What I wanted was not sex, but intimacy, and it was FWW's attitude toward it that had stripped it of intimacy. It was my place in her priorities (dead last). The loss of her poor view of SF is the reward for this scar our marriage now bears.

Only so many times you can stand to hear the "I just don't feel a connection!" before you'd rather get a root canal and save yourself the angst.

And, yes, I don't want "just" sex either and my FWW's attitude about it does strip any intimacy from it. Pretty mechanical, not for me. Well, sure, I'd take it, but it's not the same by a mile. There's still that "rejected" feeling floating around. It's lessened a little, though, since she made an effort but it was rough knowing that it was just an effort made for me. Guess that's a good thing and bad thing at the same time. Mostly a good thing, though, since the last time I was anywhere near here was June 2010.

Ugggghhhhhh.


The "feel a connection" thing... ack.

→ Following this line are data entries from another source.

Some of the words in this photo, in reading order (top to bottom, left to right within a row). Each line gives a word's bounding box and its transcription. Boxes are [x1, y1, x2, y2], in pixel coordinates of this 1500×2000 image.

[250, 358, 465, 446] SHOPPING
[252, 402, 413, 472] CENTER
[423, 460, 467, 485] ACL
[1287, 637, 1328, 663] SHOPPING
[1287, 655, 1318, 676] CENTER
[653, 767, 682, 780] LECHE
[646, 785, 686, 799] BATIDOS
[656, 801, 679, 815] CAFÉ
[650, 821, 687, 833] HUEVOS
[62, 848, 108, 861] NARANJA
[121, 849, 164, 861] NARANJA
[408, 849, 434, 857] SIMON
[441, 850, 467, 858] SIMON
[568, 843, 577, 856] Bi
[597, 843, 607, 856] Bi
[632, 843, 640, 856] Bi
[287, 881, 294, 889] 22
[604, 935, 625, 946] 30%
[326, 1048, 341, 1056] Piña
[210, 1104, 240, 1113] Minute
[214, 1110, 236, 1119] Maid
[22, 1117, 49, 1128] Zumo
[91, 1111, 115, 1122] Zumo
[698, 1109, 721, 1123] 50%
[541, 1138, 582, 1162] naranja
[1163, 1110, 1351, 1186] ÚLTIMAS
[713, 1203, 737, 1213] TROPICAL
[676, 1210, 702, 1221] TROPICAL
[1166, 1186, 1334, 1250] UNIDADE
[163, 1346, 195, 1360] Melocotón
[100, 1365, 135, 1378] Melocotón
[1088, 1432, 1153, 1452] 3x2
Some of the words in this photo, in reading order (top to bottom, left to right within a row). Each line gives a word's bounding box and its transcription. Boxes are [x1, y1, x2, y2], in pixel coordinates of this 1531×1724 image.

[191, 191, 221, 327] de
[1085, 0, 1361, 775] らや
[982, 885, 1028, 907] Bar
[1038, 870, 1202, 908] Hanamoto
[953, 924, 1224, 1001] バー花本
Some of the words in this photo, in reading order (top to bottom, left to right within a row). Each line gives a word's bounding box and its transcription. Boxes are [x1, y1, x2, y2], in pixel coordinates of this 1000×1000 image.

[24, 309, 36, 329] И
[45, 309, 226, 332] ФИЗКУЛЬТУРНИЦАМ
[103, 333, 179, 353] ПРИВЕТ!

I don't know if that's a woman thing, or a WW thing.

In a way, it's where I gained - that feeling of "connection" (whatever the frick that means) never occurred within the A.

Did you watch the Vagina Monologues clip I posted for stretch?

Let's see...



The whole thing is in the telling, it really is. And, yes, it boils down to the point where "I began to see myself through his eyes."

When you consider that the whole thing comes out of something of a feminist bent - it makes it that much more amazing.

What can you do to open her mind and heart to see herself through your eyes.

It took me one night in a KOA cabin with nothing left to lose, and baring myself completely as well.

1 weekend, North - no kids. Start looking.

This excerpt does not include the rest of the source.